BRIEF →
The expected response is the full set of records, unchanged.
── DATA EXTRACT ──
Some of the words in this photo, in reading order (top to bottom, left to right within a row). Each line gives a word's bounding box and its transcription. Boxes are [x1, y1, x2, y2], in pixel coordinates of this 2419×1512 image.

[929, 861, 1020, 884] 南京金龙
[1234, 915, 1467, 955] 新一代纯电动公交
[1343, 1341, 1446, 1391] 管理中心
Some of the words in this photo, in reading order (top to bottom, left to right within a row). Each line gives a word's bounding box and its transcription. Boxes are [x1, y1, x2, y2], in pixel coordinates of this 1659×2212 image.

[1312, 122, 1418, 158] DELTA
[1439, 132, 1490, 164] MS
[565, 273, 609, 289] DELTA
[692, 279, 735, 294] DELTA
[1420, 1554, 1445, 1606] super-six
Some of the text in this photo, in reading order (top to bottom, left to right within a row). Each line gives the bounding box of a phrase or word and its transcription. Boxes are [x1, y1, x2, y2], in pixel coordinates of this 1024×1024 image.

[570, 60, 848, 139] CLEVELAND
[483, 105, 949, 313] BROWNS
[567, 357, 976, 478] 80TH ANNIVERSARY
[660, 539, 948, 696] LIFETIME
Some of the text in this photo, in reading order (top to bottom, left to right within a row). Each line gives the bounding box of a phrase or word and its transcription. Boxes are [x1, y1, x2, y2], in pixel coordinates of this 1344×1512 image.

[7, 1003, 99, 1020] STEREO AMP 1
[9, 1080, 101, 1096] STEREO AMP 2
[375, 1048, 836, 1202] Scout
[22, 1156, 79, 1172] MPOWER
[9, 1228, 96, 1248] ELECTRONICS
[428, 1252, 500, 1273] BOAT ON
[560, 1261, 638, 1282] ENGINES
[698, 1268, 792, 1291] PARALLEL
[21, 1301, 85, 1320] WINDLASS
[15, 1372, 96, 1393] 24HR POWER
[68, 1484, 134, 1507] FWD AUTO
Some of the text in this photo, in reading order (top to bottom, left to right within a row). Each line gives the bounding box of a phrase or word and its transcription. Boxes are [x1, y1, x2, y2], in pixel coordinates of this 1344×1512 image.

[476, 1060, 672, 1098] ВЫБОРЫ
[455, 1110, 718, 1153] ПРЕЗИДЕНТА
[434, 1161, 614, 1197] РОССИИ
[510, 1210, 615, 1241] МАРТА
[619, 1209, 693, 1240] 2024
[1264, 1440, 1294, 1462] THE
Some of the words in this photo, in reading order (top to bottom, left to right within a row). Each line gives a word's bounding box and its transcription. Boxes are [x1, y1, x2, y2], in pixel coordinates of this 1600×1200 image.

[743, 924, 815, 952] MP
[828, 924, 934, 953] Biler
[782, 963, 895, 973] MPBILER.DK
───
ANSWER SPACE →
Some of the words in this photo, in reading order (top to bottom, left to right within a row). Each line gives a word's bounding box and its transcription. Boxes are [x1, y1, x2, y2], in pixel coordinates of this 2419×1512 image.

[929, 861, 1020, 884] 南京金龙
[1234, 915, 1467, 955] 新一代纯电动公交
[1343, 1341, 1446, 1391] 管理中心
Some of the words in this photo, in reading order (top to bottom, left to right within a row). Each line gives a word's bounding box and its transcription. Boxes are [x1, y1, x2, y2], in pixel coordinates of this 1659×2212 image.

[1312, 122, 1418, 158] DELTA
[1439, 132, 1490, 164] MS
[565, 273, 609, 289] DELTA
[692, 279, 735, 294] DELTA
[1420, 1554, 1445, 1606] super-six
Some of the text in this photo, in reading order (top to bottom, left to right within a row). Each line gives the bounding box of a phrase or word and its transcription. Boxes are [x1, y1, x2, y2], in pixel coordinates of this 1024×1024 image.

[570, 60, 848, 139] CLEVELAND
[483, 105, 949, 313] BROWNS
[567, 357, 976, 478] 80TH ANNIVERSARY
[660, 539, 948, 696] LIFETIME
Some of the text in this photo, in reading order (top to bottom, left to right within a row). Each line gives the bounding box of a phrase or word and its transcription. Boxes are [x1, y1, x2, y2], in pixel coordinates of this 1344×1512 image.

[7, 1003, 99, 1020] STEREO AMP 1
[9, 1080, 101, 1096] STEREO AMP 2
[375, 1048, 836, 1202] Scout
[22, 1156, 79, 1172] MPOWER
[9, 1228, 96, 1248] ELECTRONICS
[428, 1252, 500, 1273] BOAT ON
[560, 1261, 638, 1282] ENGINES
[698, 1268, 792, 1291] PARALLEL
[21, 1301, 85, 1320] WINDLASS
[15, 1372, 96, 1393] 24HR POWER
[68, 1484, 134, 1507] FWD AUTO
Some of the text in this photo, in reading order (top to bottom, left to right within a row). Each line gives the bounding box of a phrase or word and its transcription. Boxes are [x1, y1, x2, y2], in pixel coordinates of this 1344×1512 image.

[476, 1060, 672, 1098] ВЫБОРЫ
[455, 1110, 718, 1153] ПРЕЗИДЕНТА
[434, 1161, 614, 1197] РОССИИ
[510, 1210, 615, 1241] МАРТА
[619, 1209, 693, 1240] 2024
[1264, 1440, 1294, 1462] THE
Some of the words in this photo, in reading order (top to bottom, left to right within a row). Each line gives a word's bounding box and its transcription. Boxes are [x1, y1, x2, y2], in pixel coordinates of this 1600×1200 image.

[743, 924, 815, 952] MP
[828, 924, 934, 953] Biler
[782, 963, 895, 973] MPBILER.DK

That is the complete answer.